Depresyon ~ 6

108 14 28
                                    

"Okul mokul yok sana bundan sonra! Seni nasıl adam edicem biliyom ben!"

Kenan bağırtı sesleriyle uyanmıştı yeni bir güne. Babası yine neye kızdıysa bas bas bağırıyordu ve öyle çok çıkıyordu ki sesi, karşı tarafın sesi nerdeyse hiç duyulmuyordu. Babası öfkeli adamdı hele oğlunun kaybından sonra öfkesi katlanmıştı. Kenan seslere dikkat edip ne olduğunu anlamaya çalıştı.

"Sanayide bir iş öğrenirsin en azından okulda serserilik yapacağına!"

Tokat sesi ve küçük kardeşinin ağlama sesini duyduğunda Kenan bir kez daha olduğu durumdan nefret etti, buradan kalkıp küçük kardeşini koruyamıyordu babasının öfkesinden.

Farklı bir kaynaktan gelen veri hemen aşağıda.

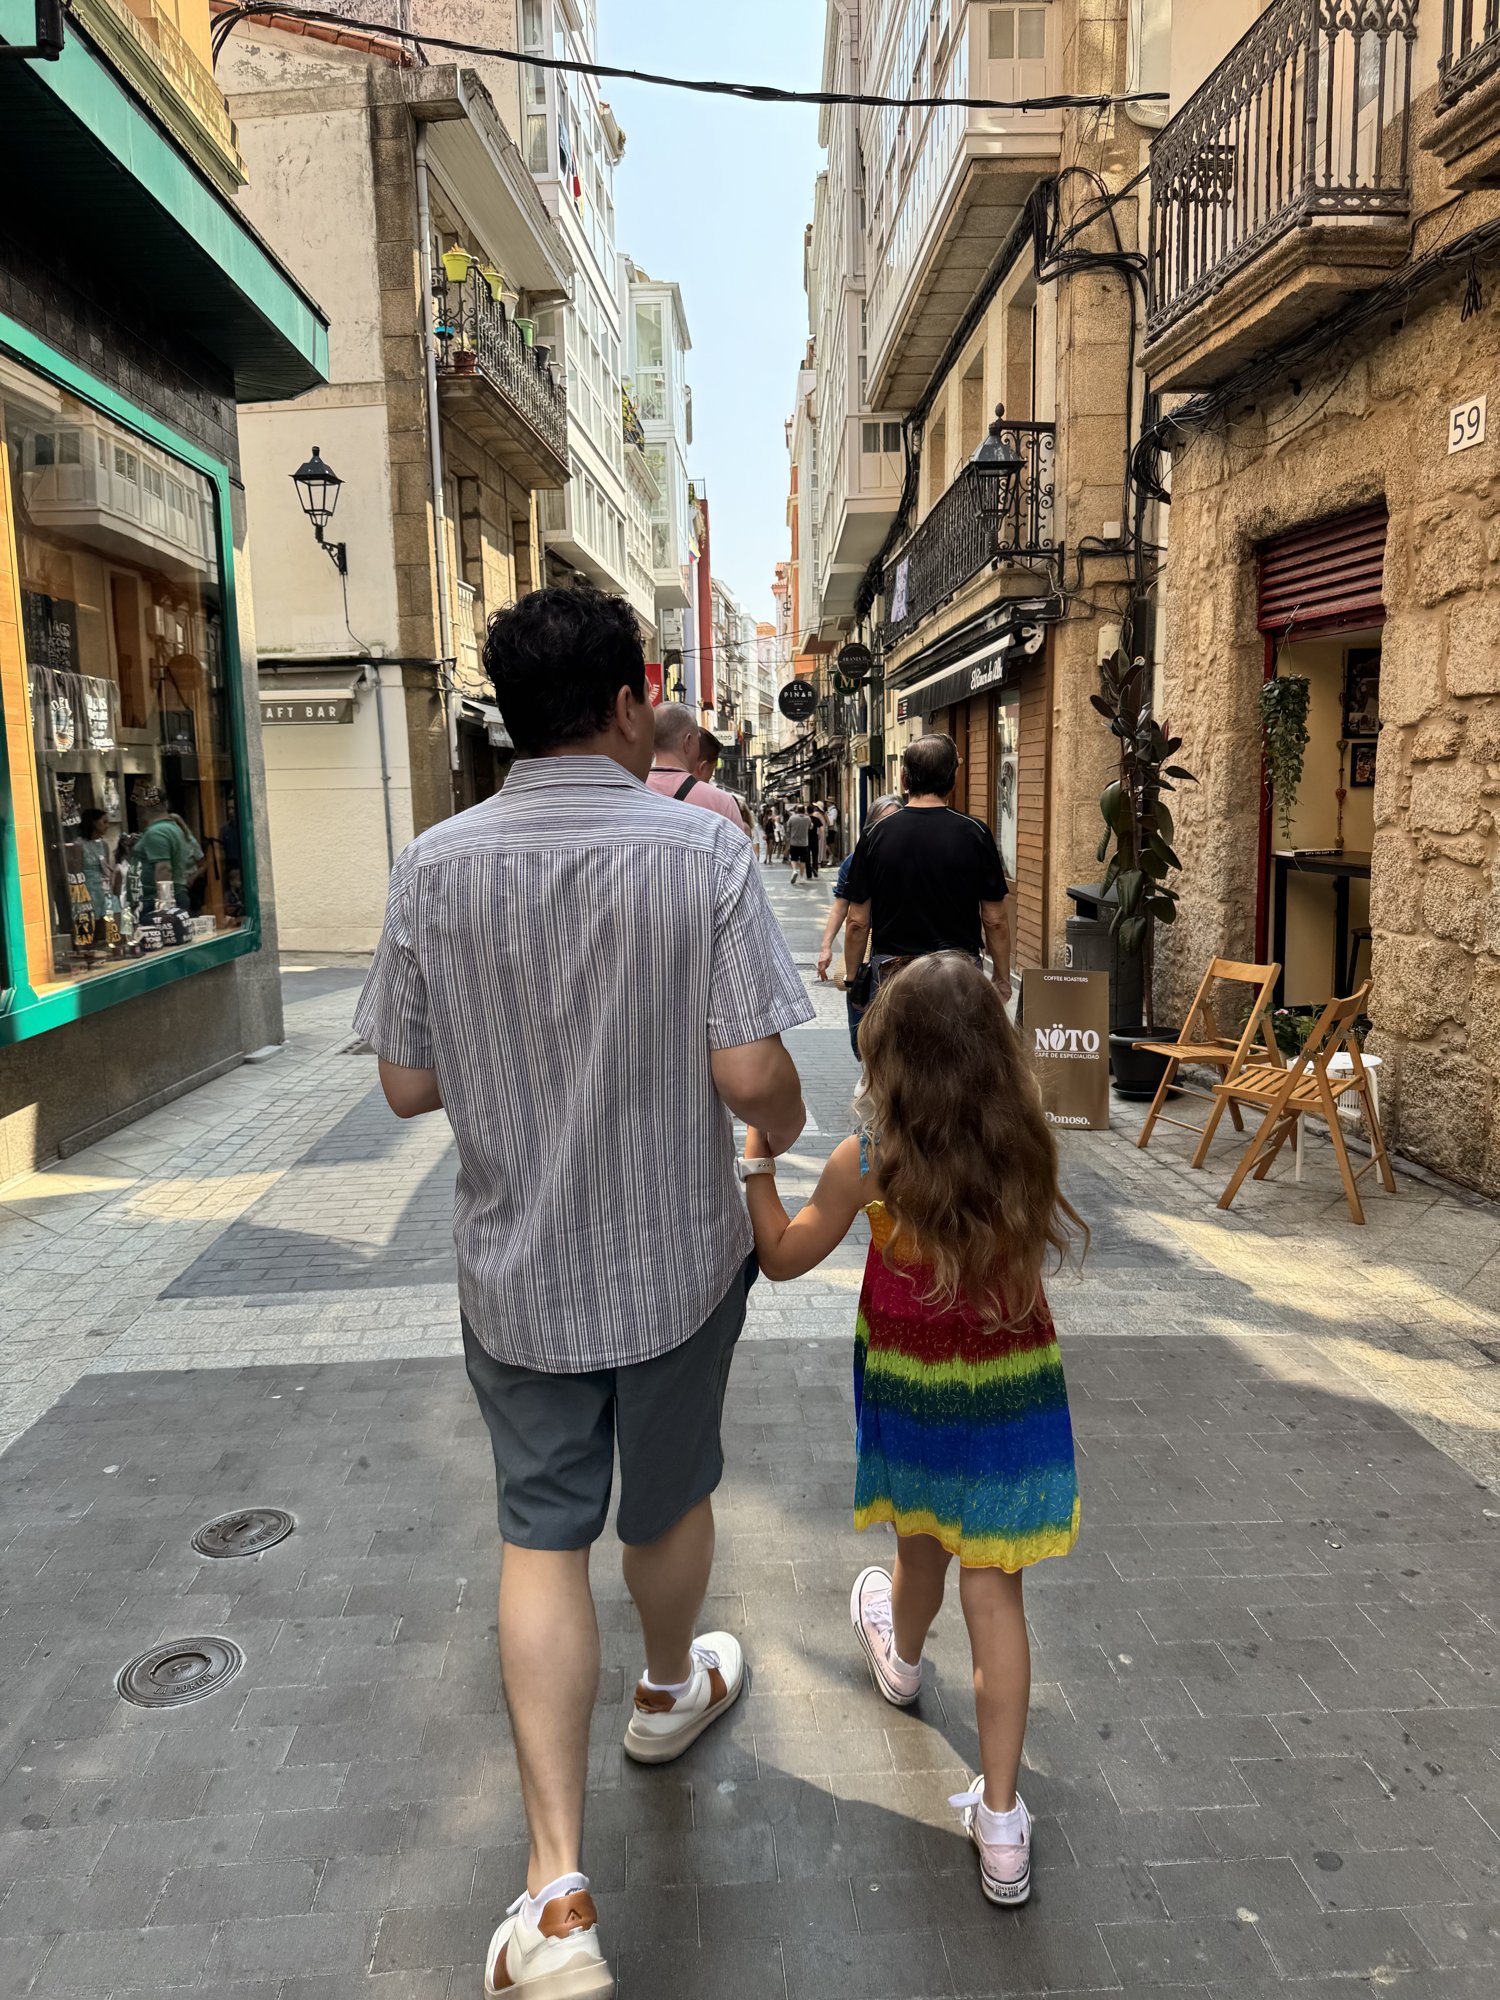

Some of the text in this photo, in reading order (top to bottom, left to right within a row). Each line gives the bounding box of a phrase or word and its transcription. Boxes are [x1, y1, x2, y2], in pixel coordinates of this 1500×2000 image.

[1453, 405, 1481, 446] 59
[840, 674, 855, 689] M
[266, 705, 337, 719] AFT BAR
[1034, 1023, 1100, 1052] NÖTO
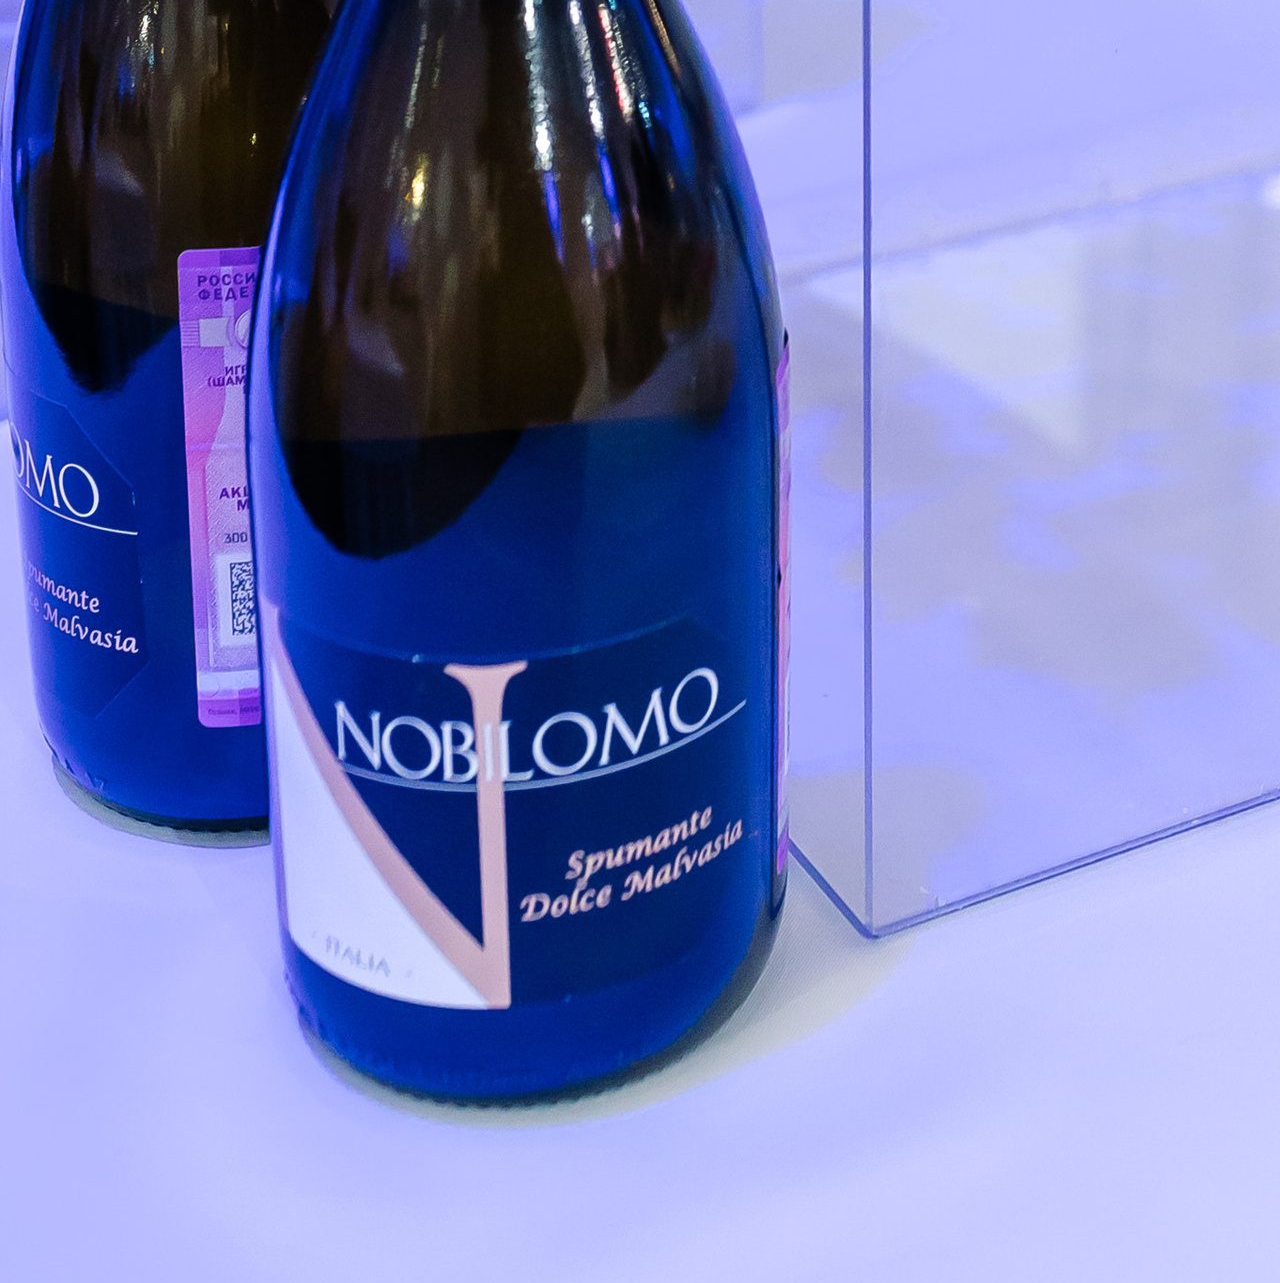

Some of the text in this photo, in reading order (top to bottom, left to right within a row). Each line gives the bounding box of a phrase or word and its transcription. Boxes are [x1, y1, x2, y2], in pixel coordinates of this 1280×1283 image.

[198, 286, 249, 302] ФЕДЕ
[334, 667, 719, 783] NOBILOMO
[519, 819, 743, 922] Dolce Malvasia
[565, 805, 713, 888] Spumante

"Abi!" Diye seslendi içeriye doğru ama cevap alamadı. Sıkıntıyla bir nefes alıp kapıya baktı çaresizce. O an Abdullah abisinin sesi çınladı kulaklarında.

"Böyle mi sahip çıkıyon emanete? Ben sana güvenmiştim, yazıklar olsun."

"Abi özür dilerim, ben ailemize sahip çıkamadım. Sözümü tutamadım."

Kenan'ın mavilerinden gözyaşları bir bir süzülmeye başlamıştı, genç çocuk elini yumruk yaparak bacağına sertçe arka arkaya vurdu. Yine kriz geçiriyor ama bu defa kimse onu duymuyordu. Bir süreden sonra sesler durduğunda genç çocuk yine kapıya baktı.

Kapı açıldı ve küçük çocuk koşa koşa abisinin yanına geldi, yatağa çıkarak başını abisinin göğsüne yasladı, orda saklanmıştı. Kenan kolunu kardeşine sarıp onun saçlarını öptü. Korkmuş olduğunu anlamıştı, elinden sadece ona sarılmak geliyordu.

"Abi, ben okula gitmek istiyom." Dedi Veysel ağlamaktan kısılan bir sesle. Kenan kardeşine sımsıkı sarıldı.

"Gidecen tabi miniğim."

"Babam okuldan alacakmış beni."

"Alamaz, hiçbir şey yapamaz."

"Sen mi engel olucan bu halde?" Diyen sesle Kenan başını iki yana sallamış ve sesi susturmaya çalışmıştı. Veysel ise hala daha kısık sesle ağlıyordu. Kapı bir kez daha açıldı ve İbrahim odaya girerek hızlı adımlarla ilerledi, yatağa oturdu ve Veysel'i kolları arasına alıp yüzünü inceledi.

"Tamam kuzum, ağlama."

"Ben okula gidicem, doktor olup abimi iyileştiricem." Dedi Veysel hıçkırıkları arasında. İbrahim onun saçlarına bir öpücük kondurdu. Kenan da ağlamaya başlamıştı, birşey yapamadığı için.

"Paşam sende ağlama lütfen, babamla konuşucam ben tamam mı? Buna izin vermem, gerekirse dedeme anlatırım."

İbrahim Kenan'ı kendine çekip sımsıkı sarıldı, iki kardeşinin de saçlarına bir öpücük kondurdu. Kenan gözyaşlarını sildi ve abisine baktı.

"Niye bunu yapıyor babam? El kadar çocuğa niye sinirlendi?"

"Kavga etmiş bizimki okulda."

"Neden?" Diye sordu Kenan şaşırarak. İbrahim Veysel'e baktı gülerek.

"Abisi kılıklı çünkü."

"Abimle dalga geçti." Dedi Veysel omuz silkerek. Kenan'ın bir kez daha gözleri doldu, kardeşi onun yüzünden kavga etmişti.

"Sinirlenmiş olabilirsin, yaptıkları çok kötü birşey ama kavga etmemen gerek Veysel'im, vurmak kötü."

"Banane."

"Yok öyle banane falan."

Küçük çocuk yine omuz silkti ve sonra da abisinin kucağından kalkarak diğer abisinin yanına oturdu. Kenan küçük kardeşine bakmadı. İbrahim de onun ağladığını fark etmişti, söyleyecek bir kelime bulamadı, kardeşini nasıl teselli edeceğini bilemedi, sadece sarıldı.